EXERCISE DETAILS
The answer must reproduce all of the data below exactly and contain no images.

DATASET
+ + + +
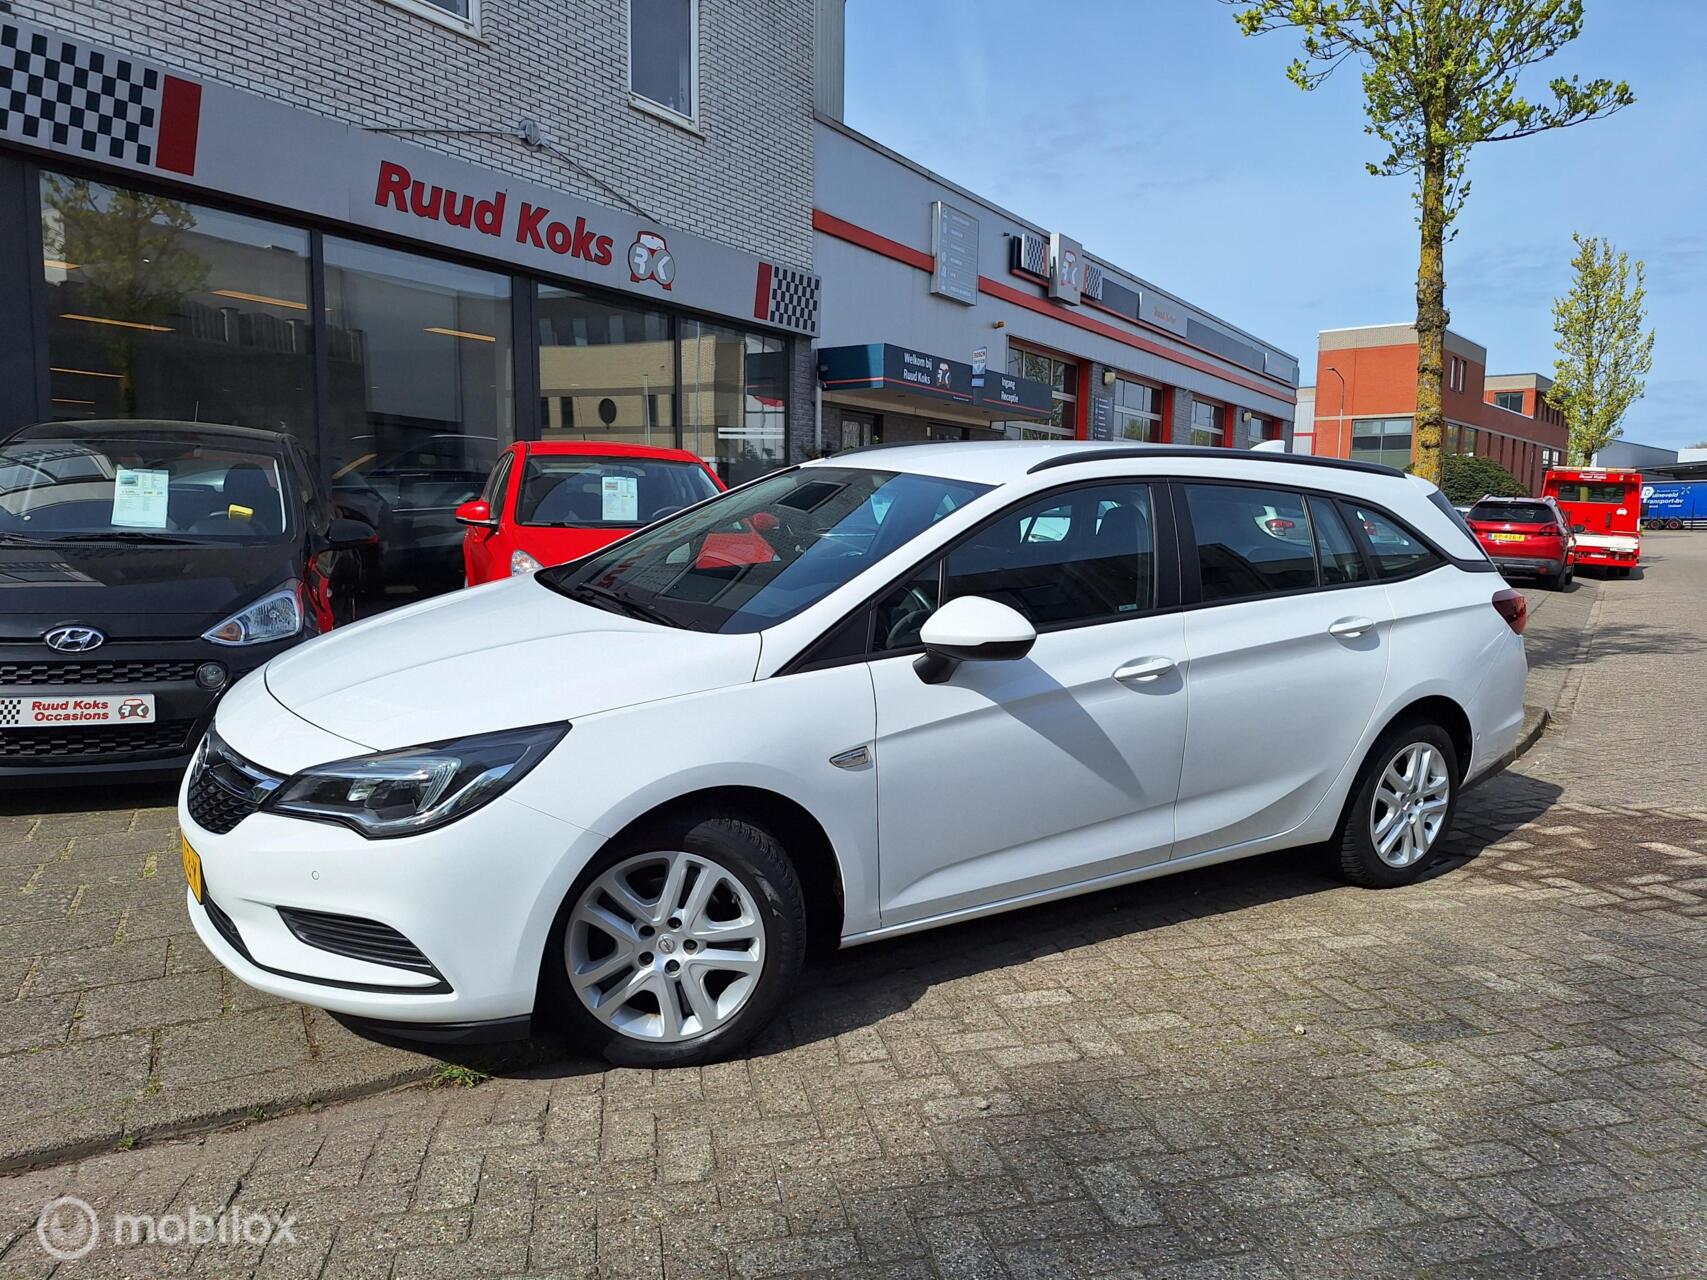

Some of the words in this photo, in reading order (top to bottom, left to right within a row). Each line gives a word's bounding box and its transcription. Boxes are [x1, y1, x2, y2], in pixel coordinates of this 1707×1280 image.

[374, 159, 507, 238] Ruud
[515, 201, 614, 266] Koks
[903, 351, 926, 367] Welkom
[925, 356, 933, 371] bij
[903, 368, 918, 382] Ruud
[917, 371, 931, 385] Koks
[1001, 377, 1016, 391] Ingang
[1000, 391, 1019, 404] Receptie
[31, 701, 69, 711] Ruud
[73, 700, 109, 710] Koks
[34, 712, 109, 722] Occasions
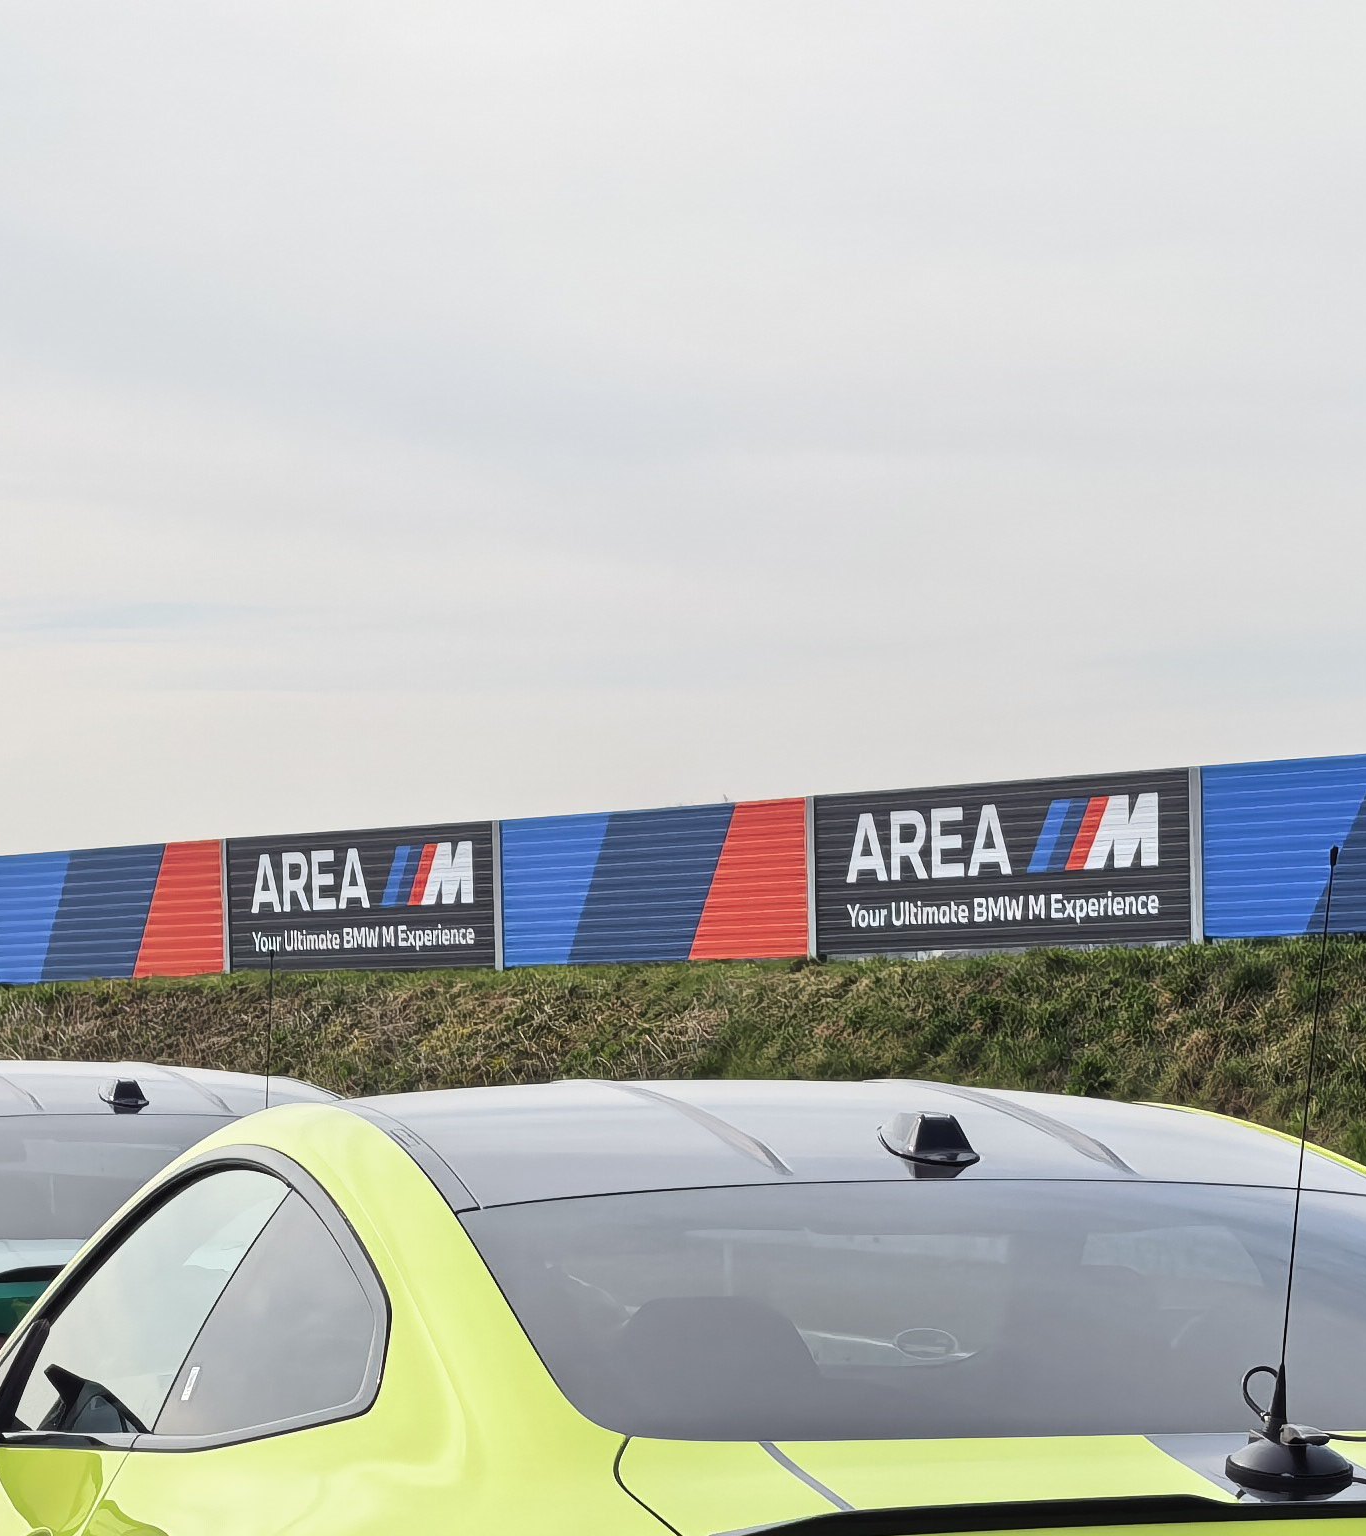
+ + + +
ANSWER BELOW
Some of the words in this photo, in reading order (top to bottom, left to right within a row). Each line gives a word's bounding box and its transcription. Boxes are [x1, y1, x2, y2], in pixel coordinates of this 1707×1280 image.

[374, 159, 507, 238] Ruud
[515, 201, 614, 266] Koks
[903, 351, 926, 367] Welkom
[925, 356, 933, 371] bij
[903, 368, 918, 382] Ruud
[917, 371, 931, 385] Koks
[1001, 377, 1016, 391] Ingang
[1000, 391, 1019, 404] Receptie
[31, 701, 69, 711] Ruud
[73, 700, 109, 710] Koks
[34, 712, 109, 722] Occasions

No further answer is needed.